Abstract:
Mitochondrial disorders are a group of clinically and biochemically heterogeneous genetic diseases within the group of inborn errors of metabolism. Primary mitochondrial diseases are mainly caused by defects in one or several components of the oxidative phosphorylation system (complexes I-V). Within these disorders, those associated with complex III deficiencies are the least common. However, thanks to a deeper knowledge about complex III biogenesis, improved clinical diagnosis and the implementation of next-generation sequencing techniques, the number of pathological variants identified in nuclear genes causing complex III deficiency has expanded significantly.
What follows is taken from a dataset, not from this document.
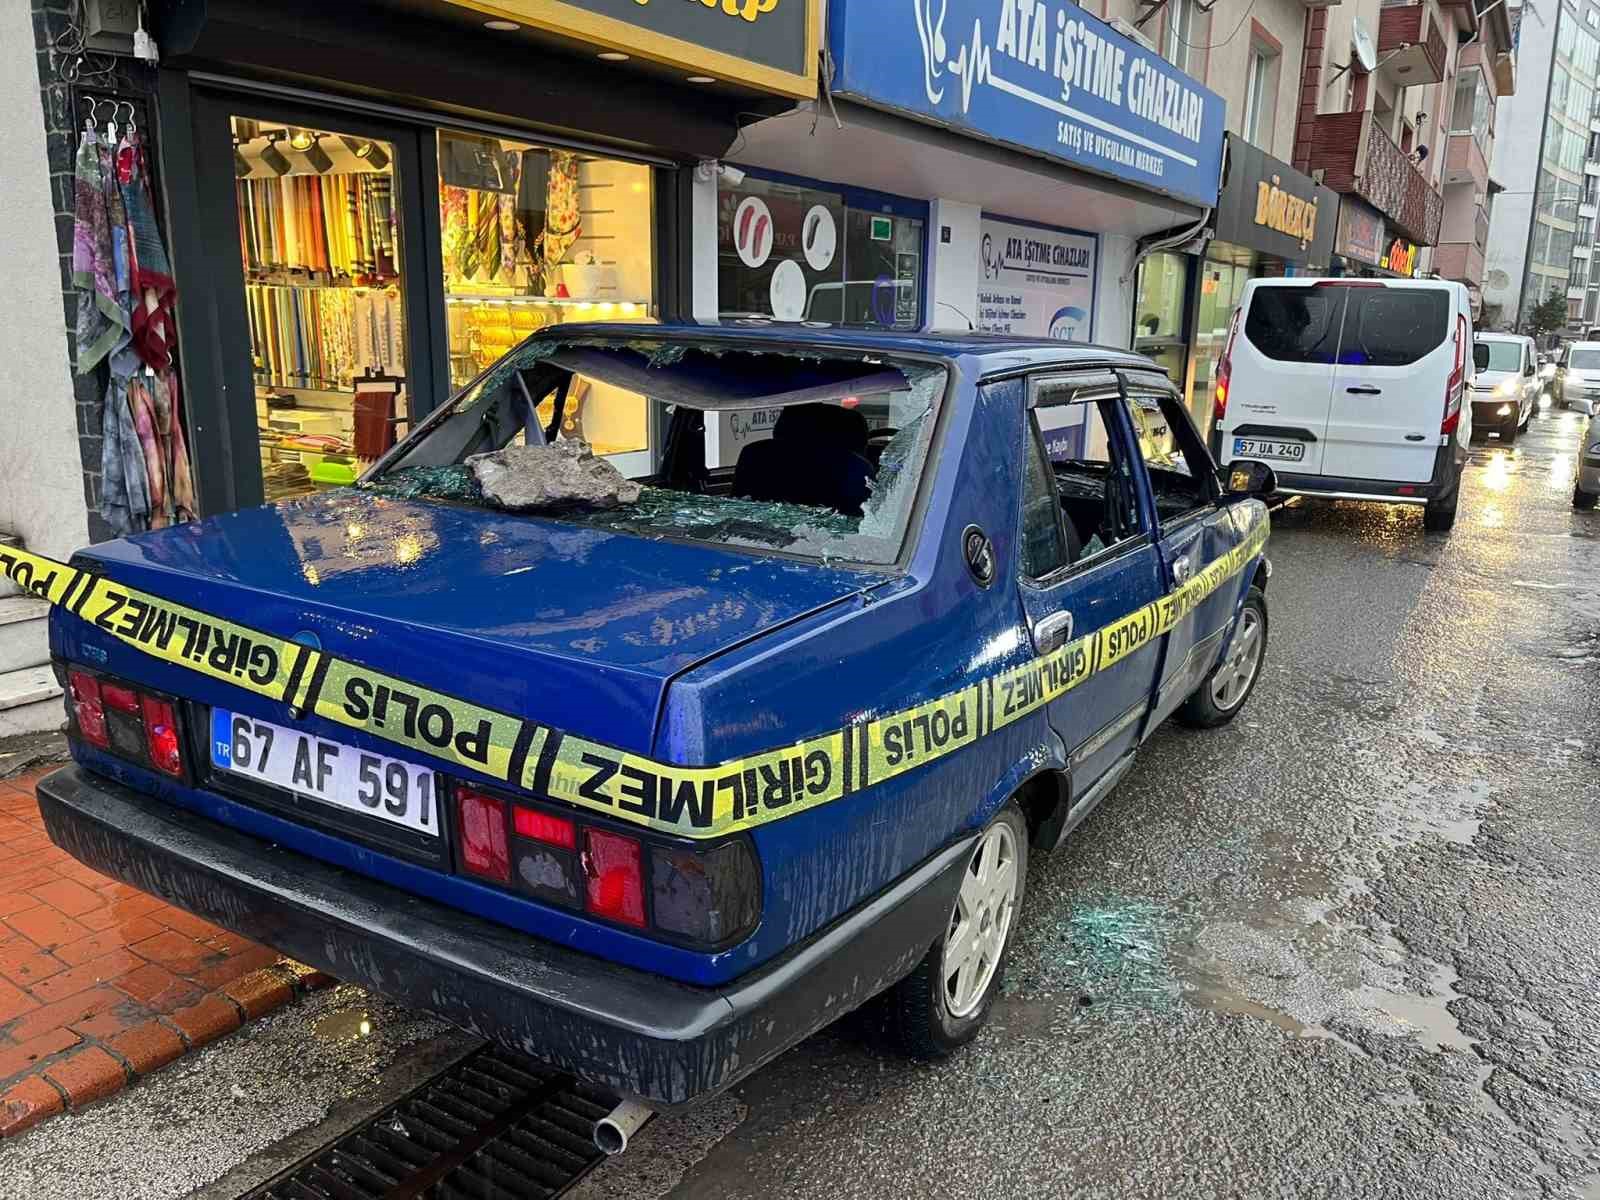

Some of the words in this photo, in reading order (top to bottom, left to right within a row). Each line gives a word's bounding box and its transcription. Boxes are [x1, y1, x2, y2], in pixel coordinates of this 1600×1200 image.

This updated review summarizes the current knowledge concerning the genetic basis of complex III deficiency, and the main clinical features associated with these conditions.
摘要:
线粒体疾病是先天性代谢错误组中的一组临床和生化异质性遗传疾病。原发性线粒体疾病主要由氧化磷酸化系统(复合物I-V)的一种或几种成分的缺陷引起。在这些疾病中,与复杂III缺陷相关的缺陷是最不常见的。然而,由于对复杂III生物发生的更深入的了解,改善临床诊断和下一代测序技术的实施,在核基因中发现的导致复合物III缺乏症的病理变异数量已显著增加.这篇最新的综述总结了关于复杂III缺乏症遗传基础的最新知识,以及与这些疾病相关的主要临床特征。